Do ponto de vista da análise formal13, dois aspectos chamam atenção na história
dessa canção: a estrutura atípica e a criação a posteriori de seus versos. No que tange à
primeira observação, como será analisado adiante, esse choro possui um esquema formal
ABAB, diferentemente do ABACA que era predominante na época. As suas seções, embora
obedeçam à simetria típica do estilo, são constituídas por uma sentença – menos estrita
devido à expansão de suas funções formais – e que constitui a parte A; um contrasting
middle mais uma sentença de dezesseis compassos que forma a parte B.
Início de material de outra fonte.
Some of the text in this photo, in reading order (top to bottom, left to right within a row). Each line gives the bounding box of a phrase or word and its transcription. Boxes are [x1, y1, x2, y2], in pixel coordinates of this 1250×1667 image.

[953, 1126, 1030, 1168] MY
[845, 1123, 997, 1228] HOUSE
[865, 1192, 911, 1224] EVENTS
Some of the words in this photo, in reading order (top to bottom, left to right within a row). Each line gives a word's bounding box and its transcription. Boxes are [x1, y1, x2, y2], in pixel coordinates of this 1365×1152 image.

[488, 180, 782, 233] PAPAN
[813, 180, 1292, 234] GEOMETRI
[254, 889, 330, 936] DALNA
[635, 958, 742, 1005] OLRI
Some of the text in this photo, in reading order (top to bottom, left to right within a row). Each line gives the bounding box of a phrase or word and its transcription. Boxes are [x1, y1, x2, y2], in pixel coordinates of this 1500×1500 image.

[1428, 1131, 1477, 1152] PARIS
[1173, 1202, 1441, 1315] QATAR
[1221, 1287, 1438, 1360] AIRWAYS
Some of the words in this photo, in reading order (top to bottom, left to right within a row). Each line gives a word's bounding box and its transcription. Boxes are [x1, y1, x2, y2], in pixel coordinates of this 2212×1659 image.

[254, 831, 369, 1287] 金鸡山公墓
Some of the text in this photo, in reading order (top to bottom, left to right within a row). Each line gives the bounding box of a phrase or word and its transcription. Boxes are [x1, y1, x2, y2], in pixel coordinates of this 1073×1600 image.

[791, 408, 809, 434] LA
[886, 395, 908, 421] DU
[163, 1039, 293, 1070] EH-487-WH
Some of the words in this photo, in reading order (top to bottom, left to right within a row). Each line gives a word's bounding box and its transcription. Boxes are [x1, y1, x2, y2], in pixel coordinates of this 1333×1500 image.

O segundo ponto é a razão para o autor deste trabalho evitar deliberadamente a
discussão mais profunda de qualquer relação entre palavra e música no que concerne à
forma. Não que os versos, criados muitos anos mais tarde do que a música, não tenham
influência nas sugestões pictóricas do arranjo em questão, mas suas funções parecem ligar-
se à clarificação ou turvamento da forma e da melodia em alguns trechos, ou como
elemento de contraste em outros. Contudo, a estrutura global não foi determinada pelos
versos, pois existia previamente.
Ao esquema formal original, além de realizar algumas alterações na repetição de A,
Penalva acrescenta no final da repetição do B uma estrutura baseada no material temático
de A. Portanto, podemos descrever a forma final do arranjo como: ABA’B’.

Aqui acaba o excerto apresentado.